SPRING, WHERE EVERYTHING IS AWESOME. Braxton Miller? OTHERWORLDLY AWESOME. Florida State? OMG U GUYZ THEY LOOKED SO AWESOME. Jadeveon Clowney? ROSE FROM THE DAMN DEAD AND IT WAS AWESOME. Literally no one has ever had a bad spring game, and yes your team is going to win the national championship this year, even you, Purdue!*
CORRECTION: SPRING, WHERE EVERY PLAYER IS AWESOME. Ole Miss decided to use the Grove Bowl as a fashion show opportunity - which is quite possibly the most Ole Miss thing ever - and Red Cup Rebellion is not digging the changes. Be the change you want to see in the world, Rebel fans, and by that I mean design a pair of boat shoes with cleats in them.
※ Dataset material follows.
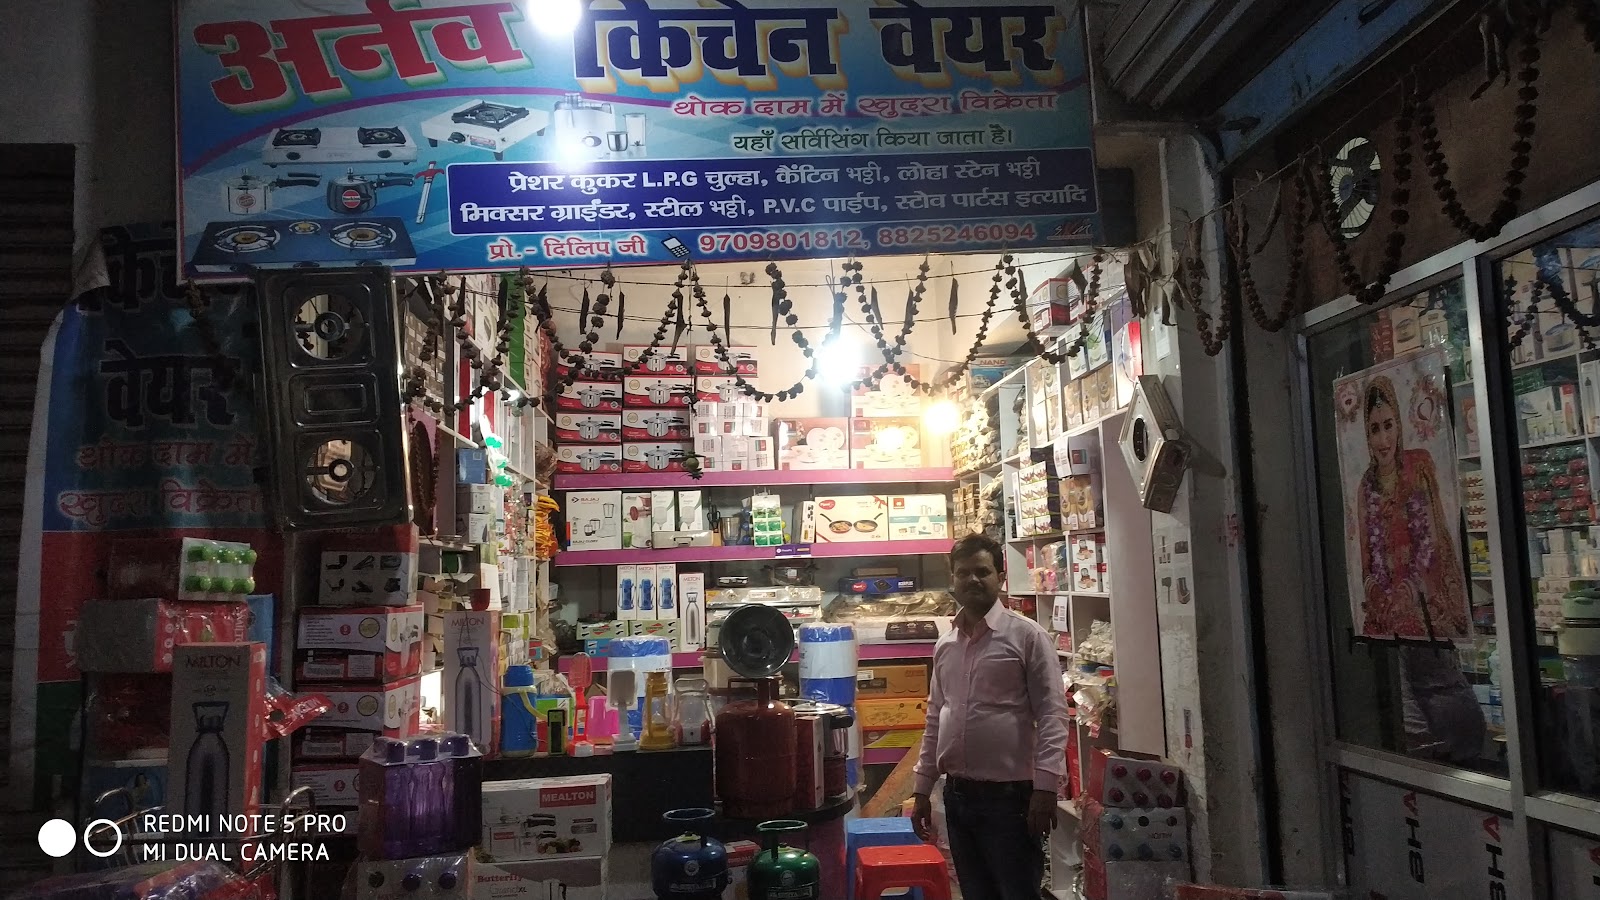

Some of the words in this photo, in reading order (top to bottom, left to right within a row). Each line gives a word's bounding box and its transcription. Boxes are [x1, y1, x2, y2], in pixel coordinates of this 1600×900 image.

TAJH BOYD IS...THE PRETENDER. "I can transform myself into anyone I want to become - a Turkish physician working for Doctors Without Borders, the wife of an Argentine diplomat, even a Georgia student." "You're still wearing a jersey with your name on the back." "SHUT UP I GOT SUNGLASSES ON."
ARIZONA SHOULD DOUBLE SPACE THE DEPTH CHART. Trust us, it gives the illusion of abundance where there is none, and you'll need that now that you're missing the receiver who racked up over 1300 yards last year. Maybe expand those margins a hair, too. And 13 point font never hurt anyone.
IN WHICH WE EXERCISE RESTRAINT. The NCAA's now-former Director of Enforcement, Dave Didion, has moved on to bigger and better things at...Auburn. The move was entirely Above board, thoUgh some Brats may UnfaiRly impugN the College witHout Evidence of Any Type, bEcause haters abounD.
ETC. The first in what we hope is a long series of Iron Sheik Educational Videos. Shit is getting REAL at the Garden Club. Happy Tax Day, Wesley Snipes! Rick Ross, we have found your next law enforcement career opportunity.
*Purdue's spring game actually ended 14-0 and oh god is Purdue going to be terrible.